### Exercise details
The copy you return should hold every record below word for word and no images.

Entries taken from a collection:
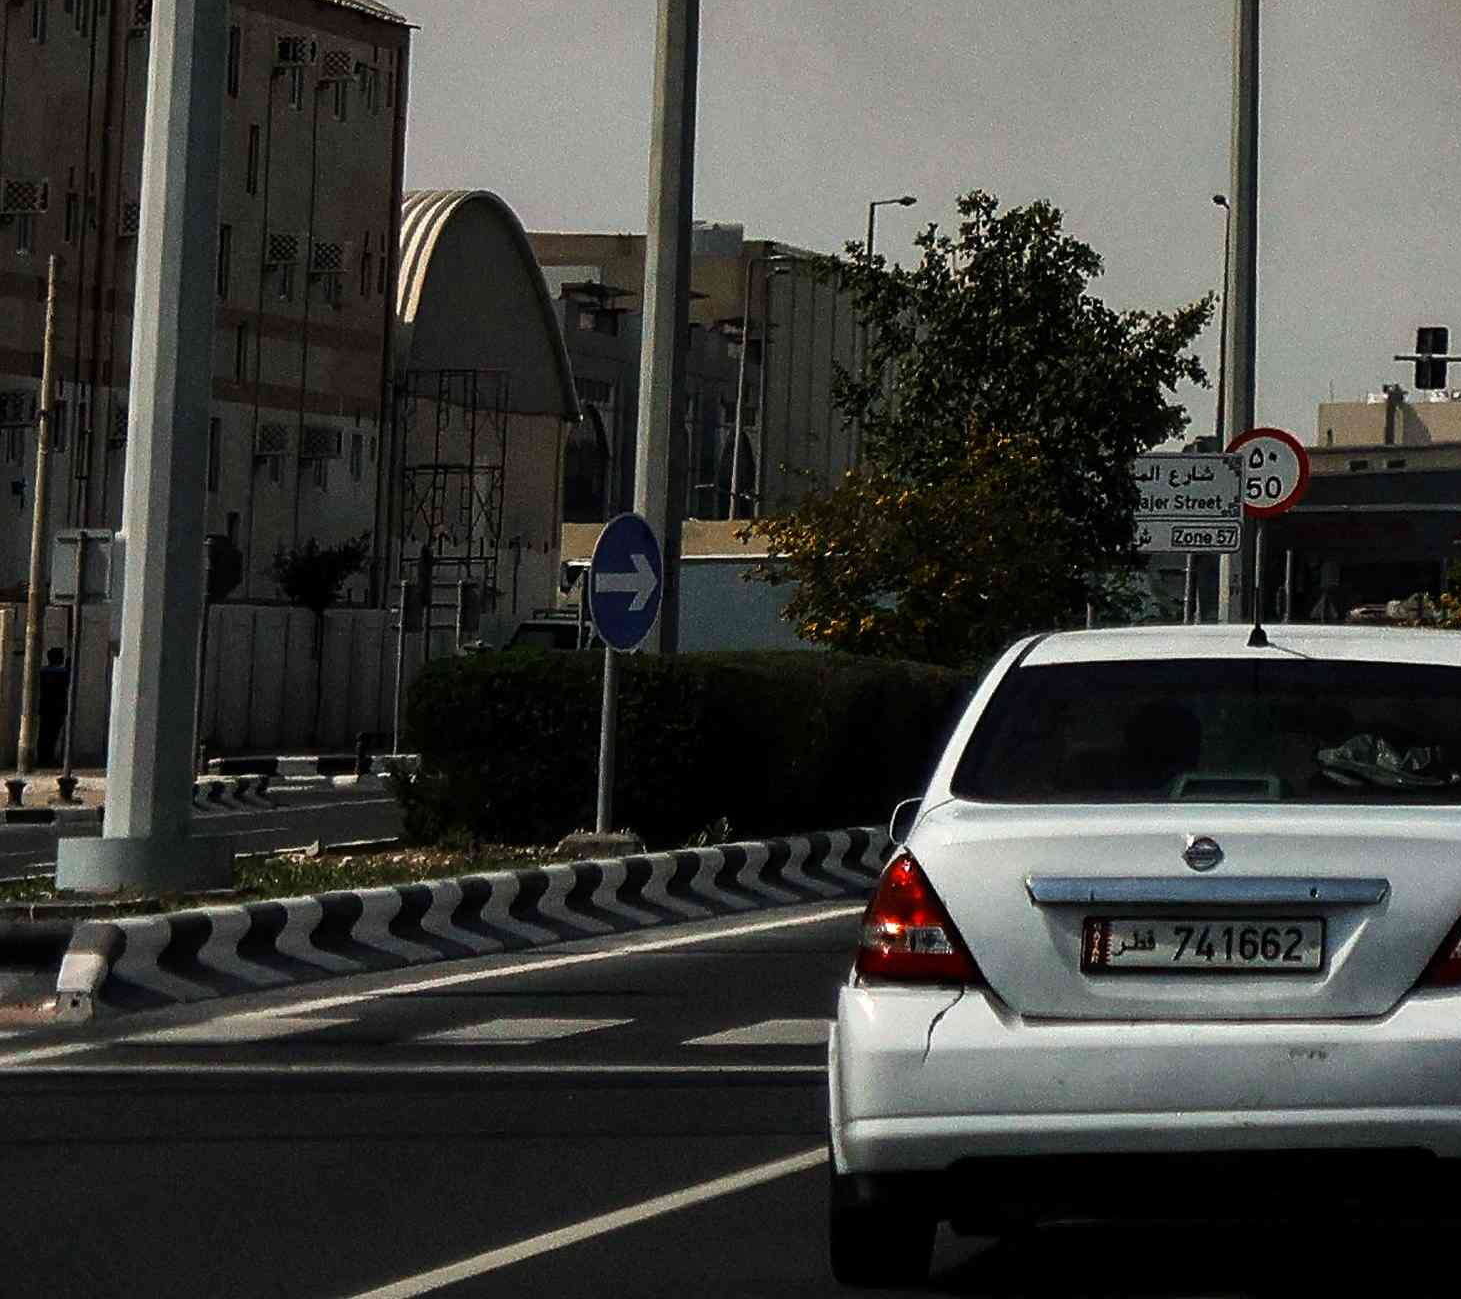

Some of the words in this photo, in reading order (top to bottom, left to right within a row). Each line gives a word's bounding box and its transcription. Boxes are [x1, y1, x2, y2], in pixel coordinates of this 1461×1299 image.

[1168, 465, 1214, 488] شارع
[1246, 475, 1282, 500] 50
[1174, 494, 1223, 510] Street
[1173, 529, 1213, 545] Zone
[1216, 529, 1236, 544] 57
[1172, 925, 1304, 963] 741662
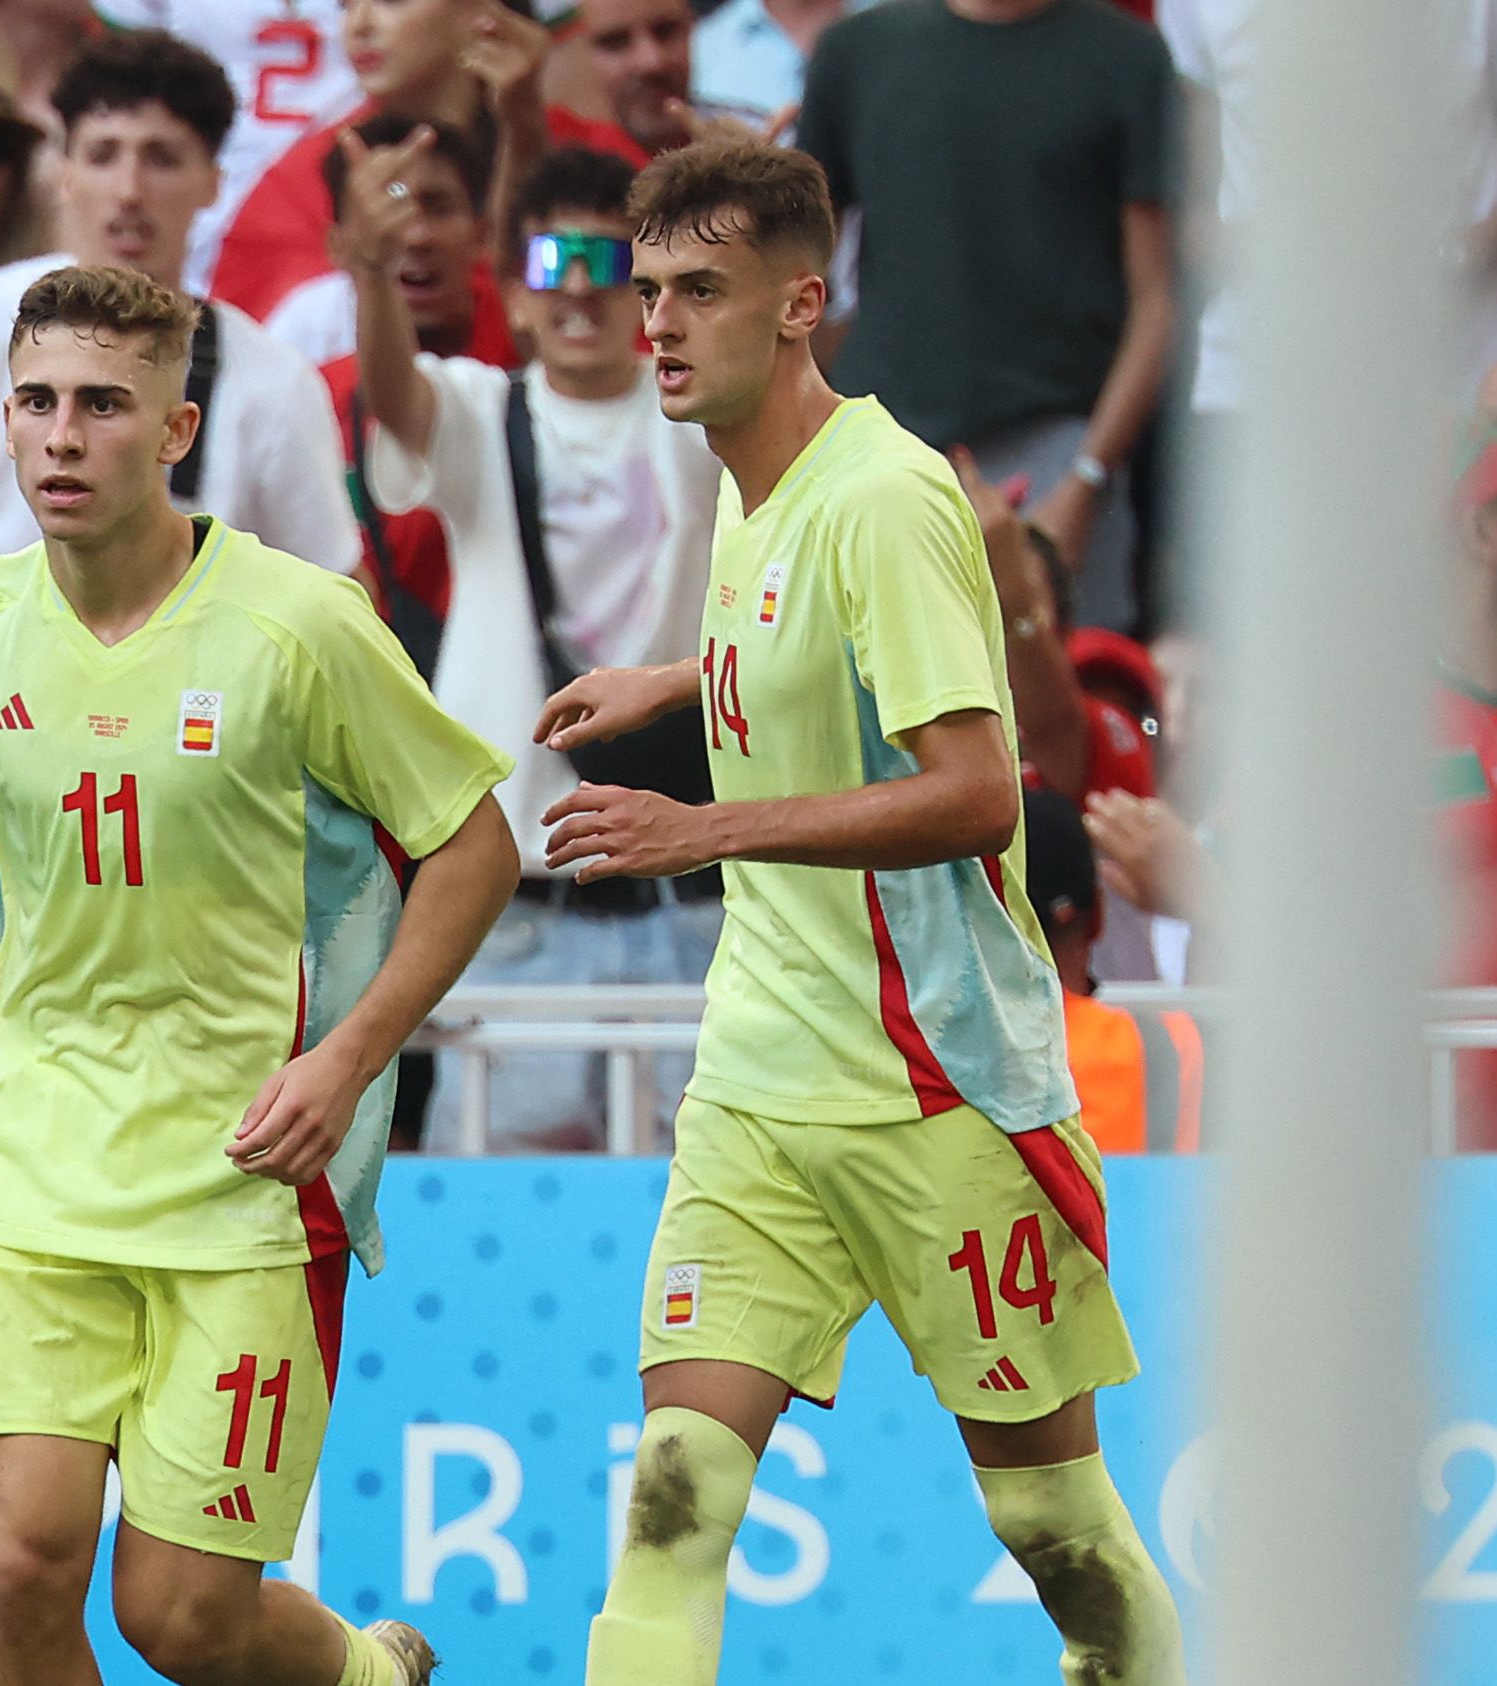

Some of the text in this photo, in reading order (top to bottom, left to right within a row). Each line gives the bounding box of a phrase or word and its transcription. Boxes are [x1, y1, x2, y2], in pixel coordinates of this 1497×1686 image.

### Answer for this exercise
Some of the words in this photo, in reading order (top to bottom, left to right within a row). Each line gives a word's bounding box and its transcription. Boxes are [x1, y1, x2, y2], in pixel coordinates of this 1461×1299 image.

[1168, 465, 1214, 488] شارع
[1246, 475, 1282, 500] 50
[1174, 494, 1223, 510] Street
[1173, 529, 1213, 545] Zone
[1216, 529, 1236, 544] 57
[1172, 925, 1304, 963] 741662

Some of the text in this photo, in reading order (top to bottom, left to right within a row). Each line gives the bounding box of a phrase or word and its transcription. Boxes are [x1, y1, x2, y2], in pixel coordinates of this 1497×1686 image.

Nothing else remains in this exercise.